清野 香代子(48歳)北海道小樽市・中学校教員

 「健康」に自信があった私も、四十歳を過ぎてから人間ドックの結果、精密検査が必要との指示で、医療機関を訪れることが多くなった。幸い、二次検査では、今のところ事なきを得ているが、いつか大きな病気と診断されるのではないかと、内心びくびくしている。

 私たち素人にとっては、健康診断の結果を一読しても、この数値が高いとどれくらい体に影響があるのか、また何をどのくらい気を付けて生活すれば良いのか、分からないことが多い。

 実際私も、検診の結果「RF定量」が高いため精密検査となり、地元の病院では検査ができないということで、札幌の大学病院を訪れた。「RF定量」とは、リウマチファクターのことで、「リウマチ」という病気に関係があるくらいの知識をインターネットで得て、私は病院へ行ったのだった。

 担当の医師は、おそらく難しい内容であろう事柄を、素人の私にも分かりやすい言葉で説明してくれた。「RF定量」の数値が高くても、何ら健康に問題がなく、症状の出ていない人もいるとのことだった。その時点では、私も体調に何の変化も感じていなかったので、医師の分かりやすい説明に納得して、病院を後(あと)にした。しかし、それから三か月後、左足のくるぶしのあたりに腫れが生じ、歩く時も痛くて、足を引きずるようになってしまった。

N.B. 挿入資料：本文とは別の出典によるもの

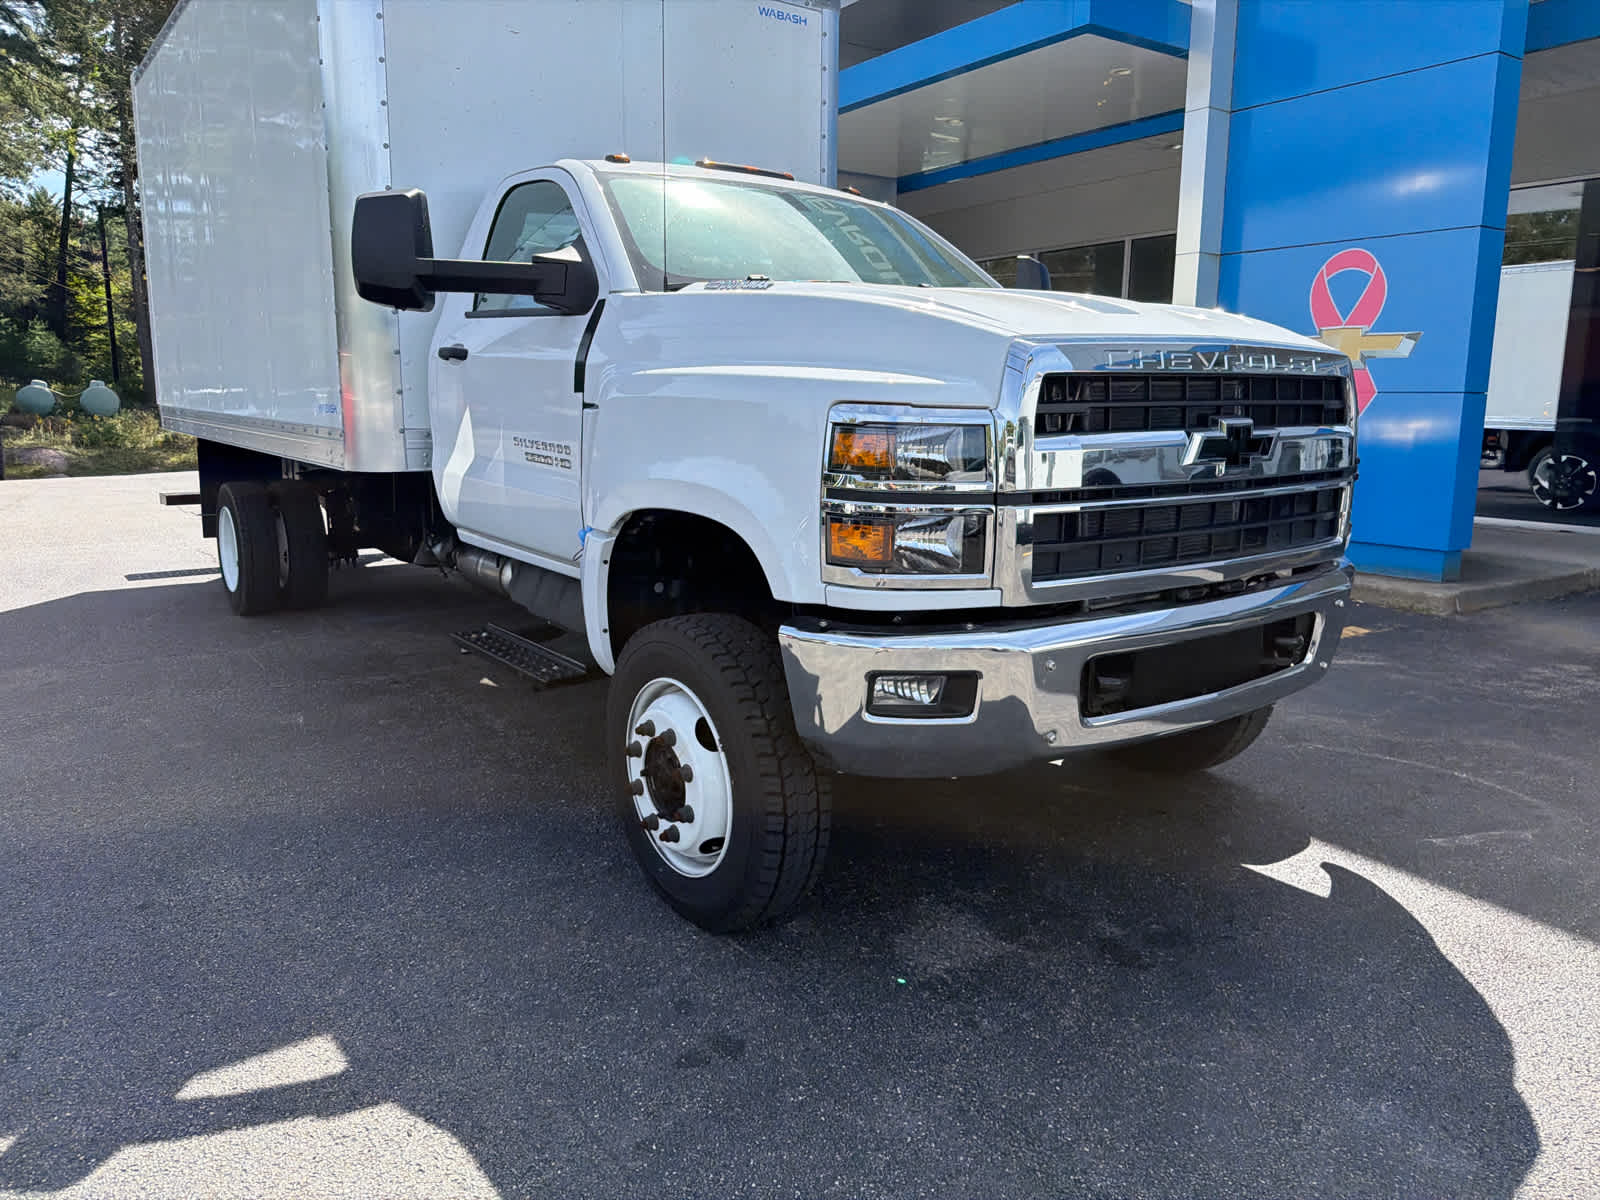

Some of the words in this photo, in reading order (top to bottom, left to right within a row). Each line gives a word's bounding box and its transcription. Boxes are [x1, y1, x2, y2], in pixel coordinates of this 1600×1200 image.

[758, 6, 808, 26] WABASH
[1104, 350, 1321, 373] CHEVROLET
[513, 436, 572, 456] SILVERADO

 仕事が忙しく、すぐには病院へ行けなかったので、一か月近く様子を見たが、症状は変わらず、何とか都合をつけ、再び病院へ足を運んだ。最初は、リウマチとの関連に何も気付いていなかった私だが、整形外科で診てもらったところ、「リウマチ」の可能性があるとの診断だった。しばらく大学病院の整形外科へ通院していたが、担当の医師が転勤になったのを機会に、同じ病院の内科へ転科し、今は内科で診てもらっている。それは、病気になったのを機会に、どのような医師のもとで治療を受けるのが最善かを検討した結果、この病気の「専門医」という医師が存在することに気付いたからである。奇しくも、私の現在の主治医は、精密検査で「RF定量」について、分かりやすく説明してくれたあの医師である。先生もカルテの記録から、私があの時の患者であることに気付いており、今までの治療の経過を把握し、今後の見通しなどを詳しく話してくれる。患者にとって、医師との信頼関係は、何よりも大切なことで、私は現在、大きな心の平安を得て通院を続けている。医師は患者よりも高い位置から、高飛車な態度でものを言う人もいるらしいが、私の主治医は、いつも優しい言葉で、患者の側に立って話をきいてくれる。この心のキャッチボールが、自分の病気に前向きに付き合って行こうという原動力になるのである。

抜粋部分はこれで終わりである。